::: Material supplied :::

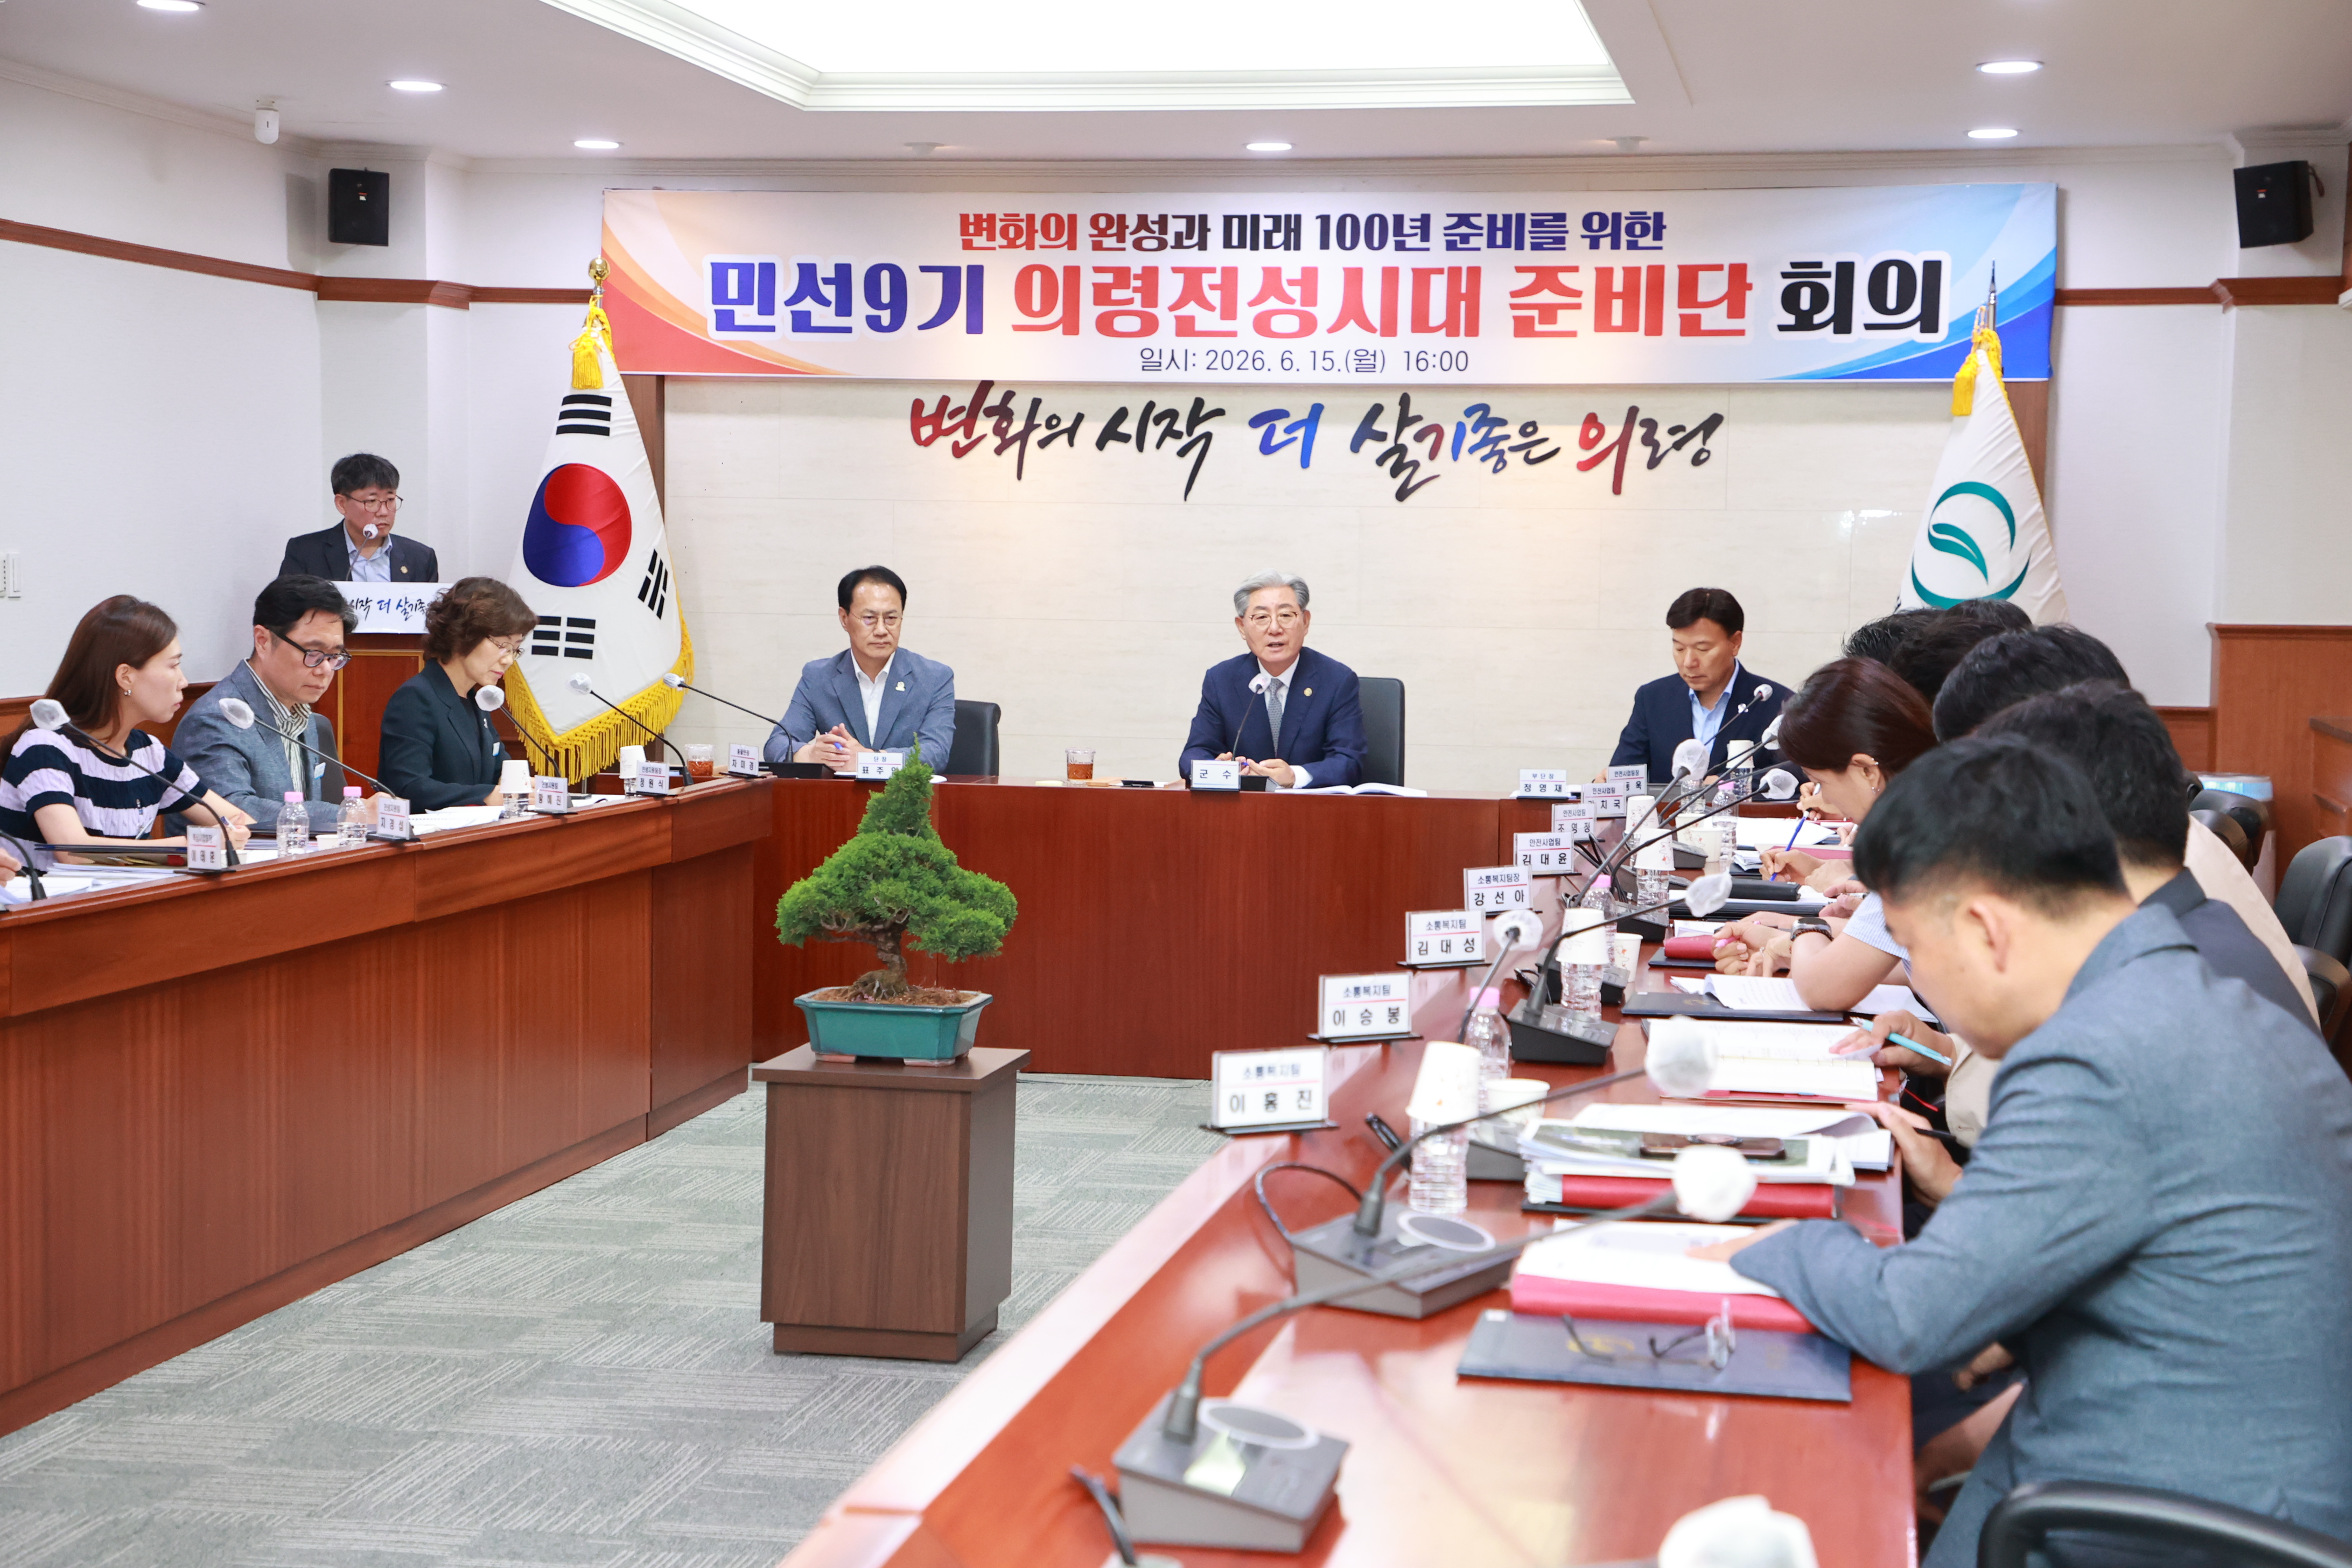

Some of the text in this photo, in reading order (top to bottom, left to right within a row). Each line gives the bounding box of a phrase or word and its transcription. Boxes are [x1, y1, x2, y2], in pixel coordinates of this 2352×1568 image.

[959, 211, 1667, 252] 변화의 완성과 미래 100년 준비를 위한
[710, 260, 1942, 339] 민선9기 의령전성시대 준비단 회의
[1140, 347, 1468, 373] 일시: 2026. 6. 15.(월) 16:00
[910, 380, 1084, 480] 변화의
[1095, 396, 1226, 502] 시작
[1248, 402, 1325, 469] 더
[1576, 405, 1724, 495] 의령
[377, 598, 391, 614] 더
[1529, 838, 1561, 847] 안전사업팀
[1478, 873, 1520, 884] 소통복지팀장
[1426, 919, 1466, 931] 소통복지팀
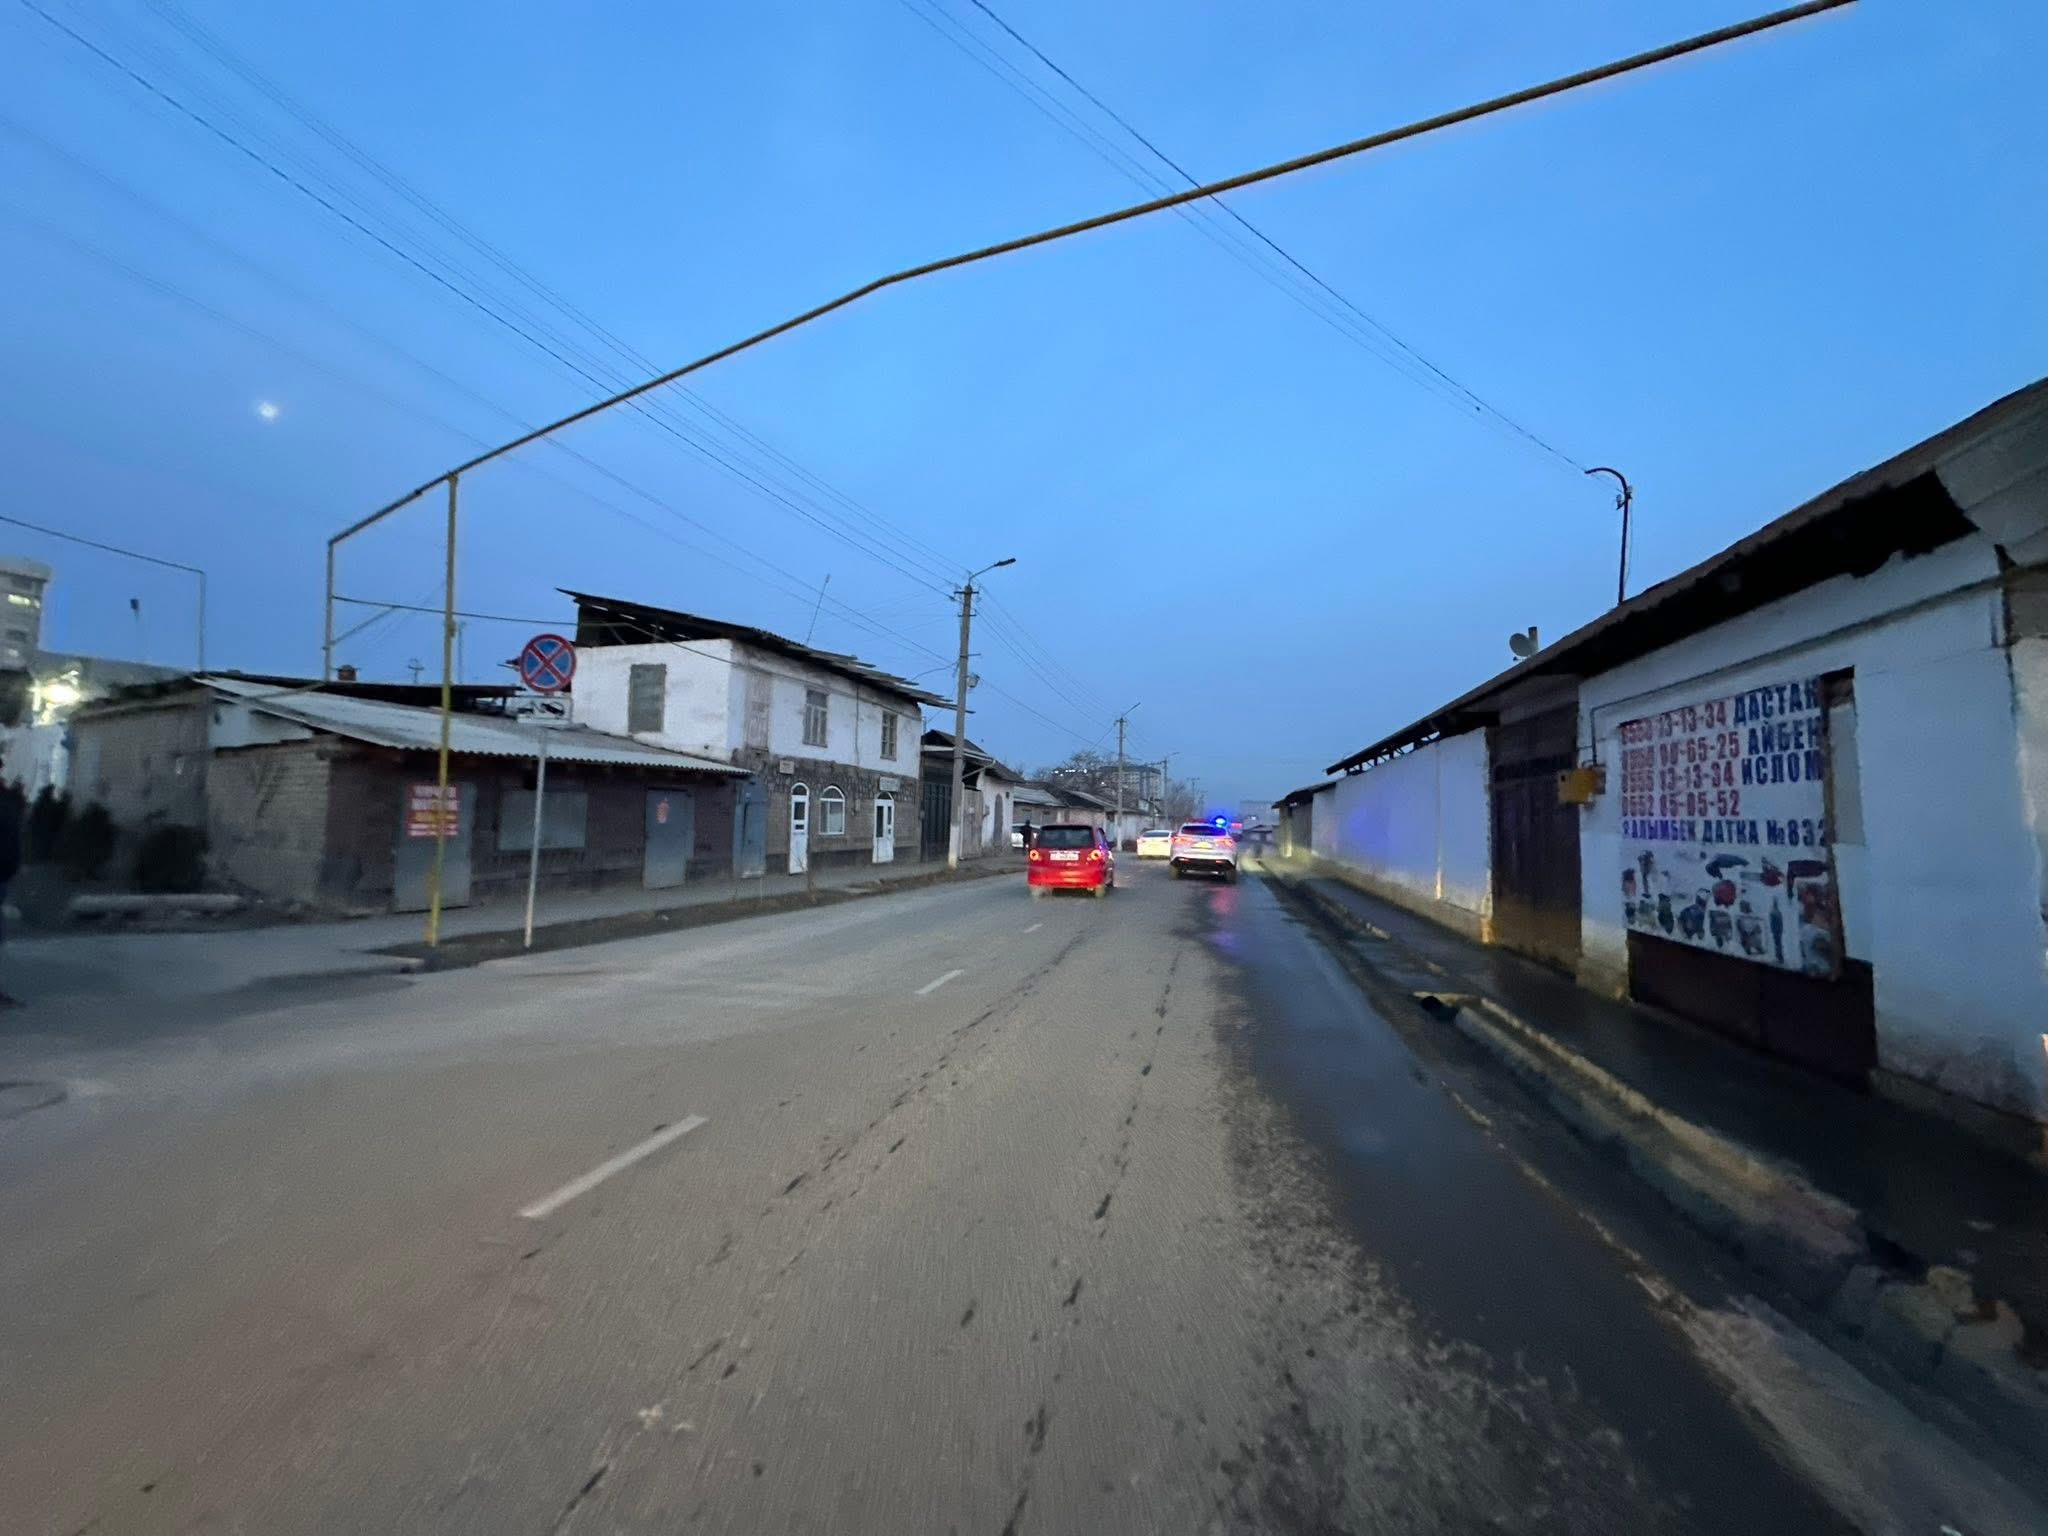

:::

*Task requirements:*
Give the listing again word for word. Skip every image.

*The completed task:*
Some of the text in this photo, in reading order (top to bottom, left to right within a row). Each line gives the bounding box of a phrase or word and its transcription. Boxes are [x1, y1, x2, y2], in pixel coordinates of this 2352×1568 image.

[959, 211, 1667, 252] 변화의 완성과 미래 100년 준비를 위한
[710, 260, 1942, 339] 민선9기 의령전성시대 준비단 회의
[1140, 347, 1468, 373] 일시: 2026. 6. 15.(월) 16:00
[910, 380, 1084, 480] 변화의
[1095, 396, 1226, 502] 시작
[1248, 402, 1325, 469] 더
[1576, 405, 1724, 495] 의령
[377, 598, 391, 614] 더
[1529, 838, 1561, 847] 안전사업팀
[1478, 873, 1520, 884] 소통복지팀장
[1426, 919, 1466, 931] 소통복지팀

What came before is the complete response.